The Florida Legislature is trying to repair Gov. Ron DeSantis’ legally embattled asylum-seeker airlifts but, no matter what lawmakers pass during a special session going on this week and next, it won’t eliminate the governor’s legal exposure in state and federal courts.

Prominent on the House and Senate calendars for the special session that opened Monday is legislation designed to place DeSantis’ program on sounder footing. The special session is scheduled to run until Friday, Feb. 17.

“The proposed bills clearly are designed to scuttle the pending lawsuits, both by retroactively ratifying DeSantis’s 2022 actions and placing the program on a sounder legal footing going forward,” Bob Jarvis, a constitutional law professor at the Nova Southeastern University Shepard Broad College of Law, told the Phoenix by email.

Fixes to DeSantis’ immigrant program won’t necessarily solve his legal woes
Bob Jarvis. Credit: Nova Southeastern University Shepard Broad College of Law.

“I still believe, however, that Florida lacks any legal basis for moving migrants, and is interfering with a subject (immigration) that is within the exclusive province of the federal government,” Jarvis said.

The proposed legislation (HB 5B and SB 6B) would create an “Unauthorized Alien Transport Program” within the Florida Division of Emergency Management to arrange “transport of inspected unauthorized aliens within the United States, consistent with federal law.”
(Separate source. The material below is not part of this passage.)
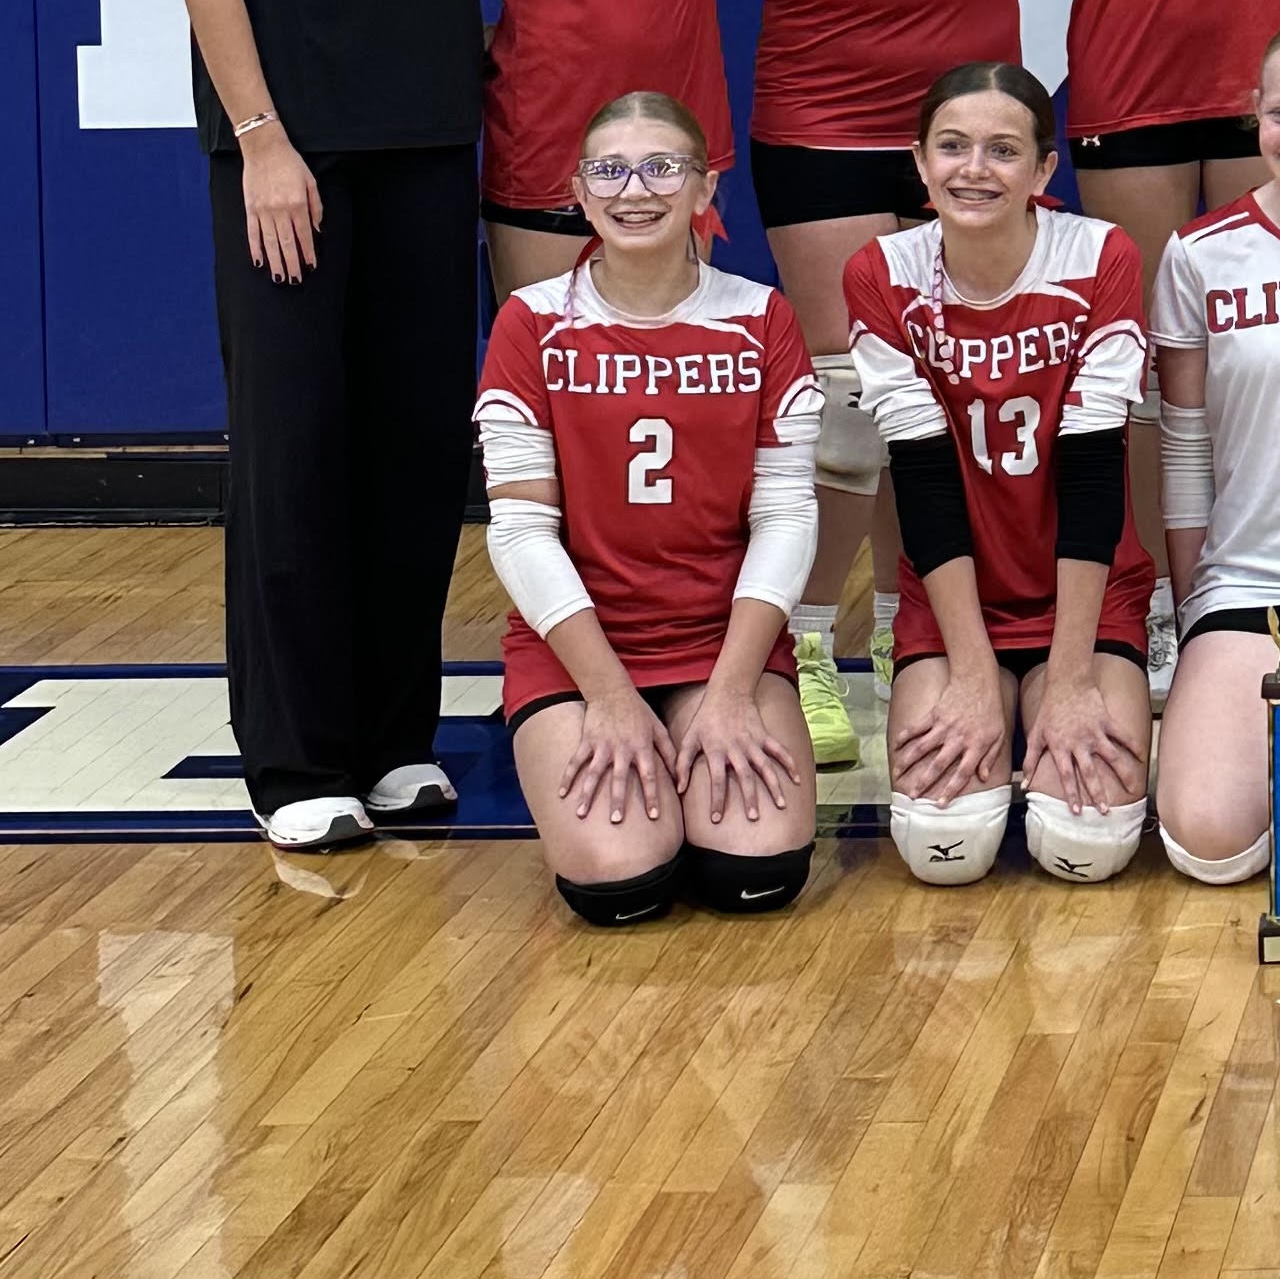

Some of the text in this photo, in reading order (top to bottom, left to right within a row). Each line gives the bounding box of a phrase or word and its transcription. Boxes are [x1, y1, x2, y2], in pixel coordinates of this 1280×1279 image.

[542, 348, 762, 395] CLIPPERS
[628, 418, 673, 504] 2
[967, 396, 1041, 476] 13
A member of that class of people would be defined as “an individual who has documentation from the United States Government indicating that the United States Government processed and released him or her into the United States without admitting the individual in accordance with the federal Immigration and Nationality Act.”

In other words, asylum seekers granted admission to the United States pending a decision on their claims and possibly others admitted on humanitarian ground, according to a written statement issued by the Southern Poverty Law Center.

The House bill has already cleared one committee and another will take it up on Wednesday in advance of a floor vote. The Senate version cleared its only committee assignment on Tuesday.

Civil rights claims

But that’s looking forward. A putative class action pending before U.S. District Judge Allison Burroughs in Massachusetts alleges wrongdoing that DeSantis, the Florida Department of Transportation, and a number of top gubernatorial aides have already committed in organizing flights delivering nearly 50 asylum seekers from San Antonio, Texas, to Martha’s Vineyard, Mass. in September 2022.

A separate state action, filed by Democratic state Sen. Jason Pizzo and pending before Leon County Circuit Judge John Cooper, argues that those Texas-to-Massachusetts flights violated the Florida Constitution because the Legislature authorized them through budget proviso language and not substantive legislation.

That language purported to authorize removal of “unauthorized” aliens from Florida to other states. But Pizzo’s lawsuit argues that the passengers were never “unauthorized,” having been admitted pending asylum hearings, and that they weren’t transported from Florida.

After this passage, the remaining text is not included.